**Source information**
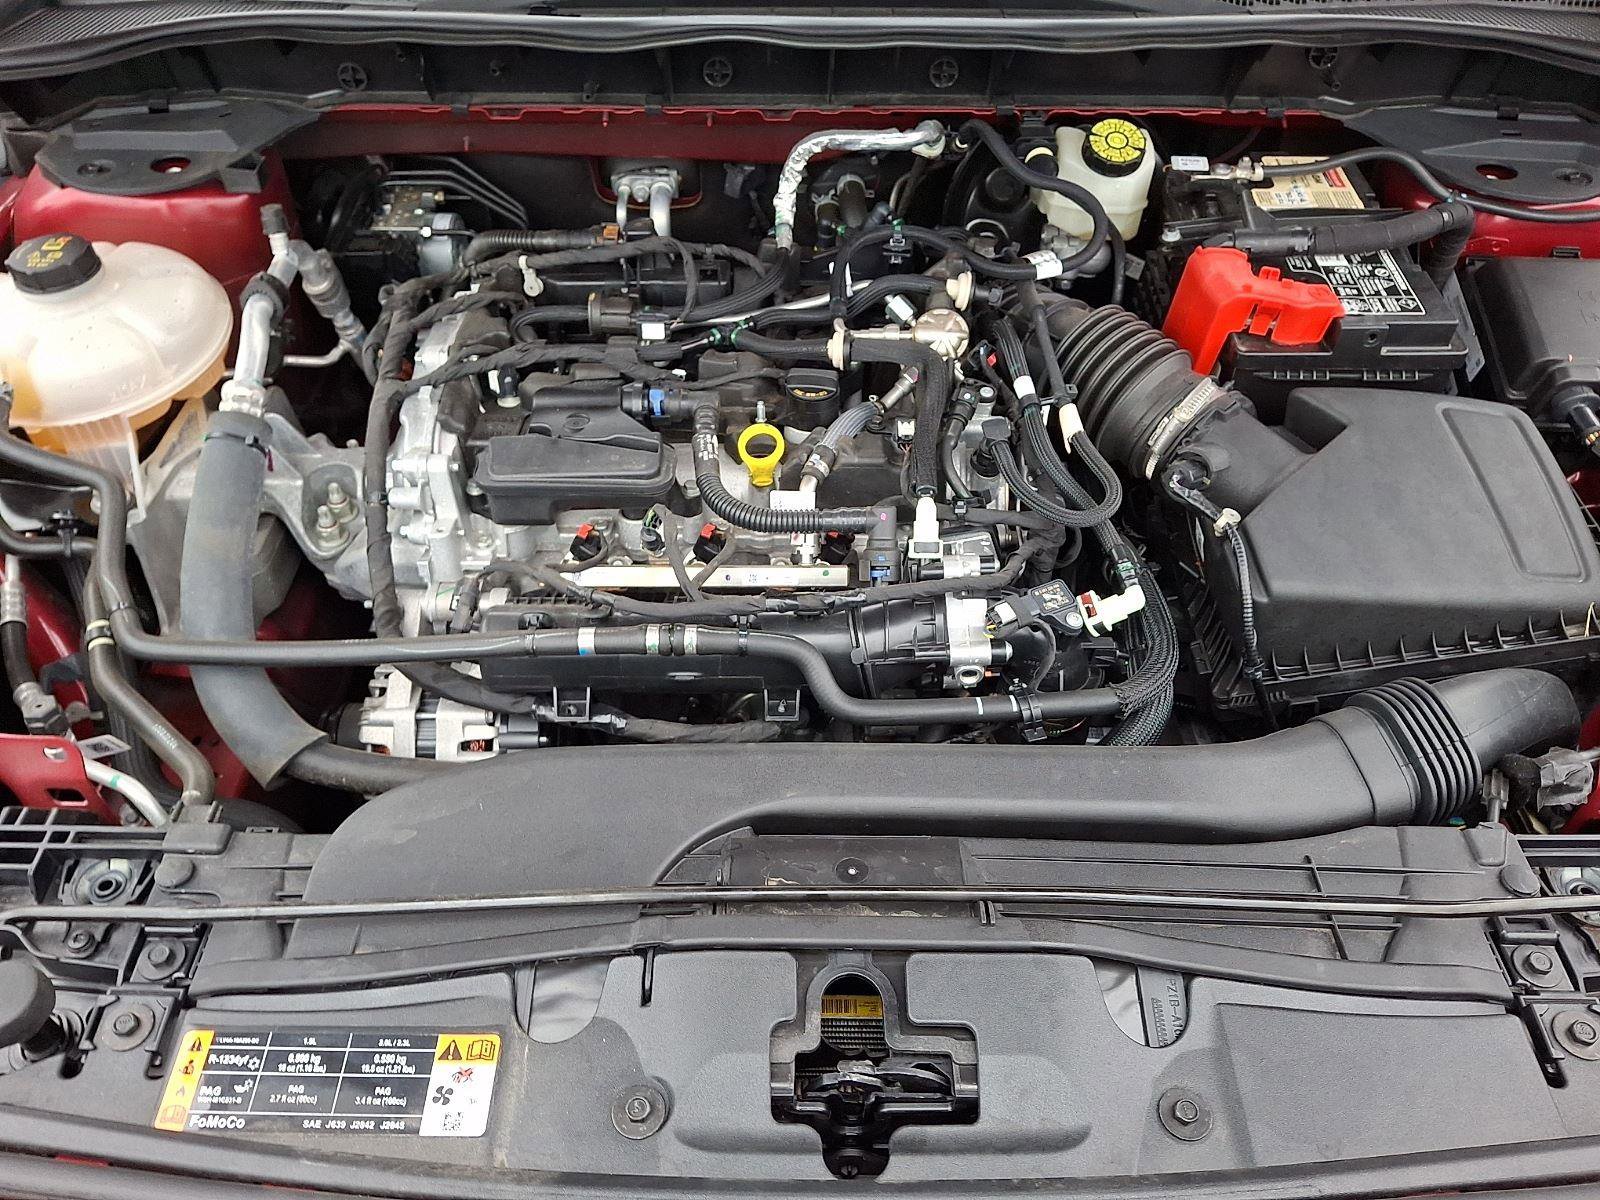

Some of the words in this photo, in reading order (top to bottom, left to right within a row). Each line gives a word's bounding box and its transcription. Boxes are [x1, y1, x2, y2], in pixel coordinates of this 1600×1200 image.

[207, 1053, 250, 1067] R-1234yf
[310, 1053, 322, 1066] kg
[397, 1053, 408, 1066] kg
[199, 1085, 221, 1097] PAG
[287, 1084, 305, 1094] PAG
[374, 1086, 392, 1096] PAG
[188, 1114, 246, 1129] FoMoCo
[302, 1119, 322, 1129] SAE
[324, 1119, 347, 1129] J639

**Work order**
A faithful copy of all the data above, without its pictures, is the expected result.

**Result for this task**
Some of the words in this photo, in reading order (top to bottom, left to right within a row). Each line gives a word's bounding box and its transcription. Boxes are [x1, y1, x2, y2], in pixel coordinates of this 1600×1200 image.

[207, 1053, 250, 1067] R-1234yf
[310, 1053, 322, 1066] kg
[397, 1053, 408, 1066] kg
[199, 1085, 221, 1097] PAG
[287, 1084, 305, 1094] PAG
[374, 1086, 392, 1096] PAG
[188, 1114, 246, 1129] FoMoCo
[302, 1119, 322, 1129] SAE
[324, 1119, 347, 1129] J639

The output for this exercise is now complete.